Una observación superficial demuestra que Robert Francis Prevost, hoy León XIV, no seguirá la “línea de Francisco”, sea cual fuere el significado de esta expresión.
Tenía todo para ello, hasta el segundo nombre, Francis. Pudo ser, con cierta elegancia de simetría, Francisco II, pero eligió seguir a León XIII y llamarse León XIV. Si quiere continuar a alguien, es a León XIII, el sexto hijo del conde Pecci, pero no nos equivoquemos.
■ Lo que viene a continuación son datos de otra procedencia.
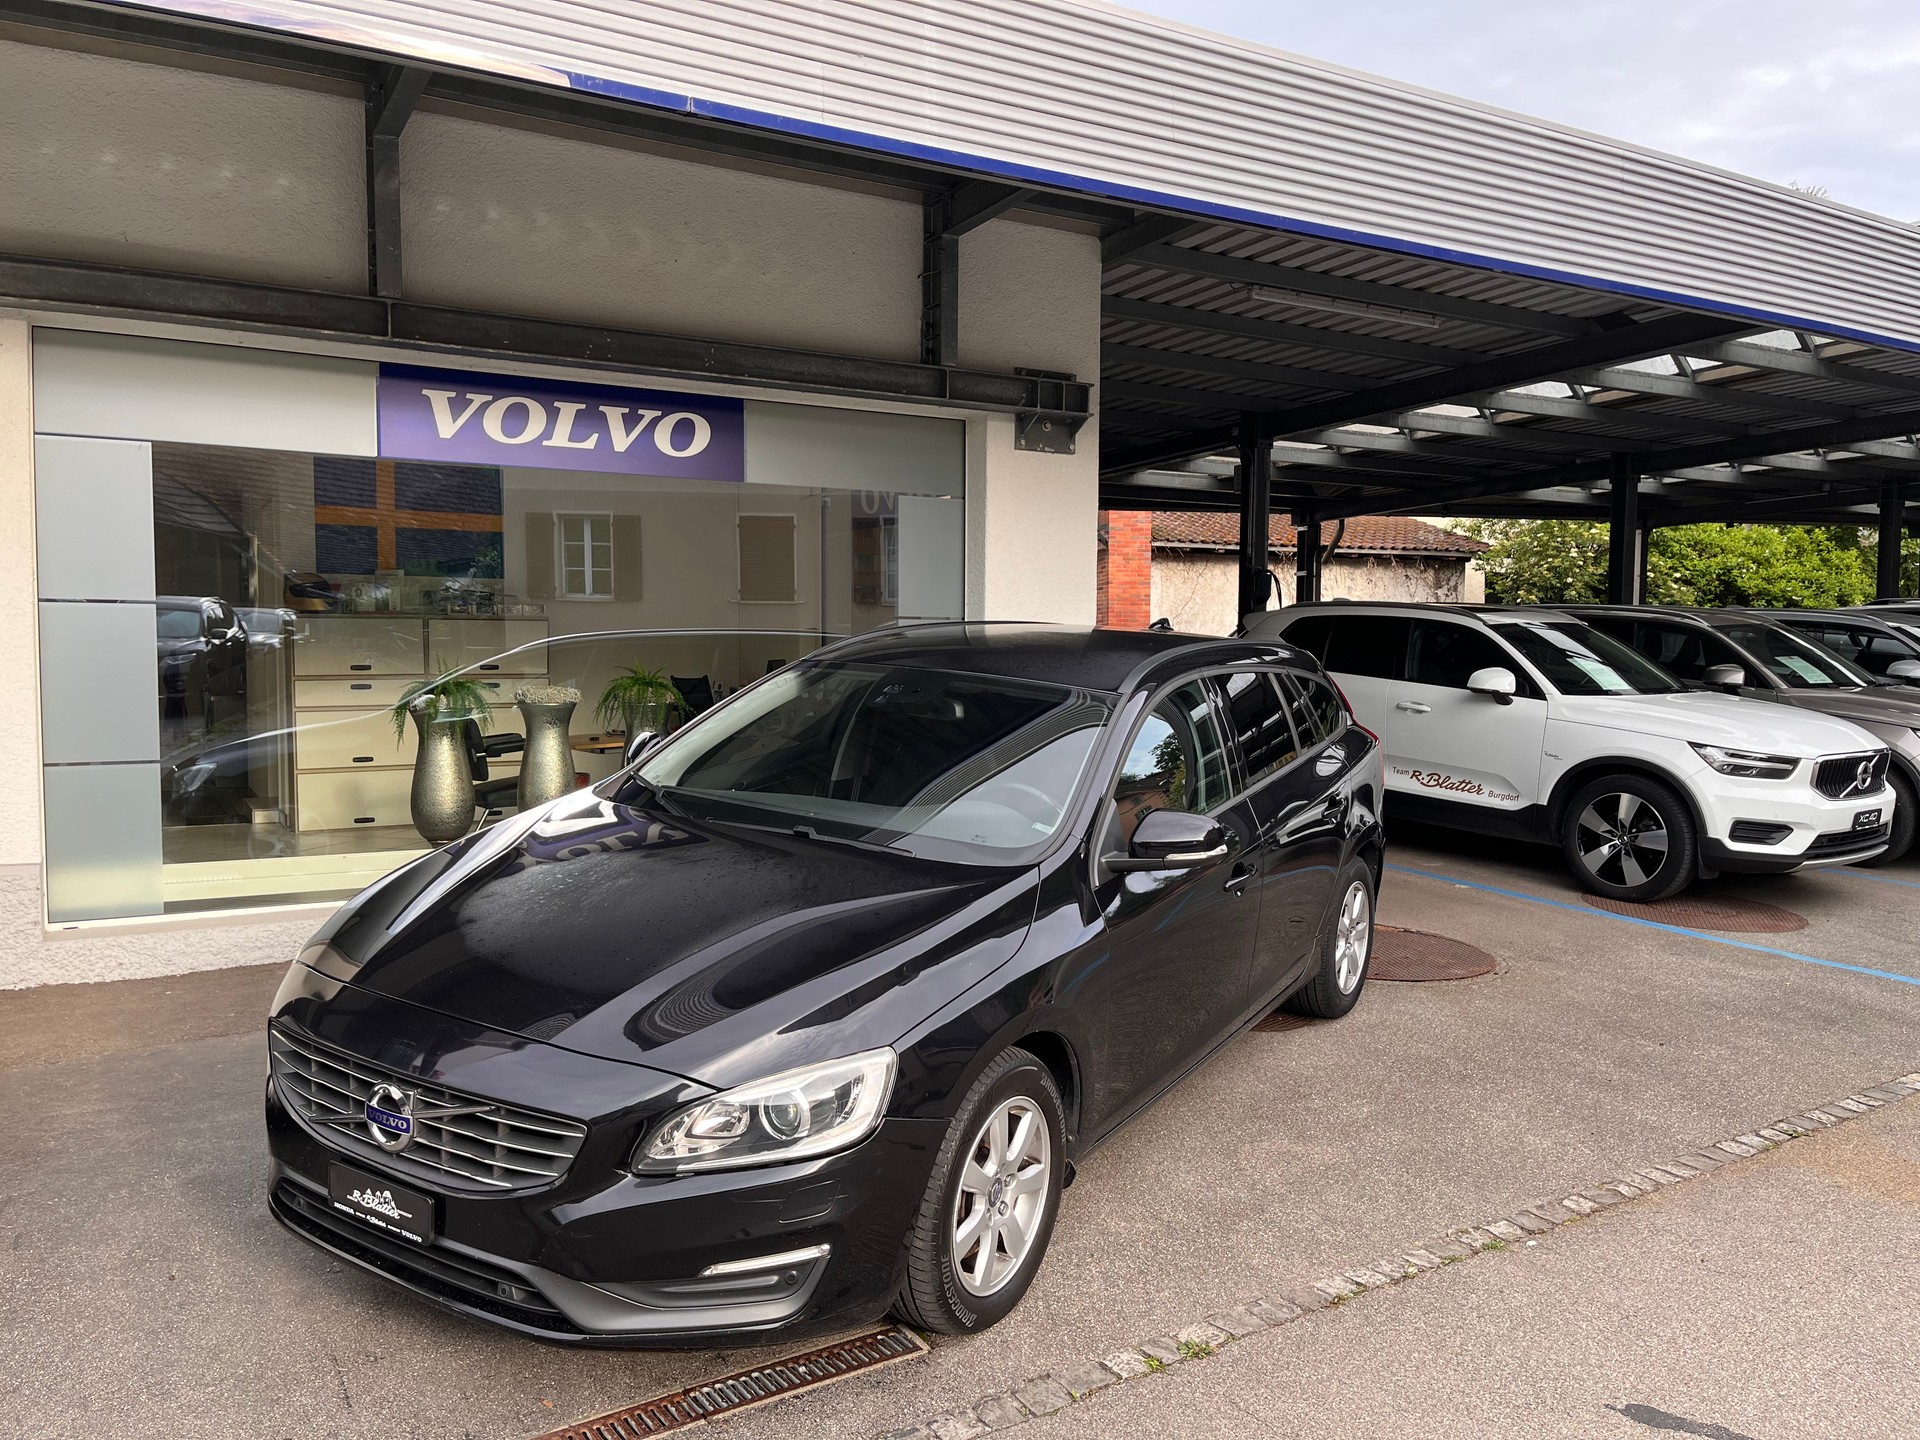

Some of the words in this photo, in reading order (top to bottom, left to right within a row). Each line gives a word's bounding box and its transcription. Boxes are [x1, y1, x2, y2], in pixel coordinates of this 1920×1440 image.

[421, 388, 712, 458] VOLVO
[1392, 766, 1410, 776] Team
[1409, 769, 1485, 796] R.Blatter
[1487, 790, 1520, 802] Burgdorf
[368, 1108, 407, 1130] VOLVO
[1040, 1072, 1067, 1146] BRIDGESTONE
[401, 1230, 422, 1243] VOLVO
[940, 1253, 978, 1329] BRIDGESTONE
León XIII, en 1891 y en su encíclica Rerum novarum reprobó la explotación de los pobres por los ricos y exhortó a los obreros a formar sindicatos en defensa de sus intereses; simultáneamente defendió la propiedad privada y condenó al comunismo por ateo. ¡Ya era mucho para decirse en 1891! Hoy las exhortaciones de justicia social y paz suenan a lip service: a nadie convencen fuera de los ya convencidos.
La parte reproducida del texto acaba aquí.